Afghan journalists German journalists
Domestic reporting Reporting to international/ global audiences hindered by being reduced to the role of „fixers“ and international/ foreign media relying on foreign correspondents/ “parachute journalists“ instead of local journalists Internationally relevant news mostly relying on local journalists; local journalism widely respected by global audiences
Foreign reporting: Reporting from other countries hindered by restrictive visa regulations Foreign reporting encouraged by lose visa regulations and by being commissioned as foreign correspondents/ “parachute journalists“ in non-Western countries

This analysis of course only applies to a small part of these two countries’ media systems, because it disregards the main section of media where local journalists produce for local audiences in their respective countries, and only applies to those sections of national media systems that interact with global or foreign audiences.

Nevertheless, the conditions created by these differing visa regulations further advantage German journalists and further disadvantage those from Afghanistan. It could be argued that the diverging access privileges to other countries create roles that inter-depend and reinforce each other: the less respected local journalists in non-Western countries are, the higher the demand of Western journalists to go report from those countries. The easier it is for Western journalists to travel to these countries and report from there, the less opportunities are left for local journalists to participate in a global media landscape.

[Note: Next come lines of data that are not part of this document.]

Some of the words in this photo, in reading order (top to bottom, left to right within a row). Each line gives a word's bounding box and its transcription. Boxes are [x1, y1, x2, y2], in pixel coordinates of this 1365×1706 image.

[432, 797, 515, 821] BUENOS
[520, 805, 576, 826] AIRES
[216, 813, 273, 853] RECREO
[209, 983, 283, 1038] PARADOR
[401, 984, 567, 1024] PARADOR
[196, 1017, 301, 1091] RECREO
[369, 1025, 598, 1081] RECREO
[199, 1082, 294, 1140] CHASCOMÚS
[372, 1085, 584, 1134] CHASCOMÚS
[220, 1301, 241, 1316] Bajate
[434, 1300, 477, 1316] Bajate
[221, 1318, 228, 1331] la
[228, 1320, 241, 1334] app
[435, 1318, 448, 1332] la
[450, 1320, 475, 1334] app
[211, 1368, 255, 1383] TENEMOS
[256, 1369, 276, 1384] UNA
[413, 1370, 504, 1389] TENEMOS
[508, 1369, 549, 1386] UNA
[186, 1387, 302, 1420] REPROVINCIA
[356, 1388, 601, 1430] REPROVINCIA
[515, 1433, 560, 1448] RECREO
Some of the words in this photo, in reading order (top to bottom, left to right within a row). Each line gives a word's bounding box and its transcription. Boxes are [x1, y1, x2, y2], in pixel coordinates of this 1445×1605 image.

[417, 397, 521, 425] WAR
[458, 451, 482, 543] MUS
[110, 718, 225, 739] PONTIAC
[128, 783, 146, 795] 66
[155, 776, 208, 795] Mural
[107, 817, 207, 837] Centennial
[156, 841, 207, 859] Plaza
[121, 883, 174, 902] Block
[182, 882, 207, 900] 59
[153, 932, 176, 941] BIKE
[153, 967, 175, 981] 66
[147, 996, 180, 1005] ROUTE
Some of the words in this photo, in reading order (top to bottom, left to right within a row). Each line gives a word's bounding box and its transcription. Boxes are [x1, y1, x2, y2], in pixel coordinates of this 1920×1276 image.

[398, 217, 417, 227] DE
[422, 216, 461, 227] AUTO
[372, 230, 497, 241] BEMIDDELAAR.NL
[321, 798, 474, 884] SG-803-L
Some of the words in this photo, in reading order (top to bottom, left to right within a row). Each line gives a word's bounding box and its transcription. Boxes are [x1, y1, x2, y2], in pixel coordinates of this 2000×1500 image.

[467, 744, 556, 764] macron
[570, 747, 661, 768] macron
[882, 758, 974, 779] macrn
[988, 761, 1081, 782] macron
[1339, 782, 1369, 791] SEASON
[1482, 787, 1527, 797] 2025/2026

Particularly the practice of foreign media hiring local journalists as ‘fixers’ is a phenomenon that seems to be restricted to countries of the Global South and can also be seen in Afghanistan27. In a report by Nieman Reports28 the work of ‘fixers’ was described as including the pitching of story ideas, setting up interviews, providing background and editorial advice. Generally speaking, German journalists doing this labor would be credited as journalists, while Palmer29 describes the same work of local journalists from conflict zones in the Middle East – like Afghanistan - as “important labor [that] has historically been invisible to the general public and the journalism industry more broadly” by being labelled ‘fixing’ and consequently, not being credited.30 31 32

On the other hand, the discussed analysis of the given data is not enough to prove a clear causal relationship. More countries with similar histories and positions in global power structures would need to be analyzed and compared in order to strengthen or contradict the hypothesis of a wider pattern. This deeper analysis would also need to investigate whether the presence of foreign military, or more generally, an international conflict, is a factor of its own that changes the premises of foreign and international reporting. Furthermore, it would be interesting to include more in-depth studies of journalistic cultures in different regions, as differing levels of journalistic education, skills in languages that are spoken by wide global audiences, and national legal frameworks certainly influence not only the national media systems, but also their relationships and inter-dependencies across borders.

In conclusion, the presented research was an attempt to include transnational aspects and effects into carrying out analyses of national media systems according to Hallin & Mancini’s model. As a case study, the number of countries that journalists with (1) a German passport or (2) an Afghan passport have access to without pre-arranged visas were compared. The resulting discrepancy in international mobility was framed as a factor influencing the journalistic profession in each country, either as a restrictive factor (in the case of Afghanistan) or as a privileging factor (in the case of Germany) in global comparison. This difference was found to potentially further contribute to the global dominance of Western media, which is not only an ethical question, but also a question of the accuracy and balanced-ness of reporting 33 34 35. The presented analysis suggested that the differences between the two compared countries may be indicative of patterns for larger regions or parts of the world (Western Europe+US and the Middle East, or even the Global North and Global South in general), but this hypothesis would require the analysis of data on multiple more states.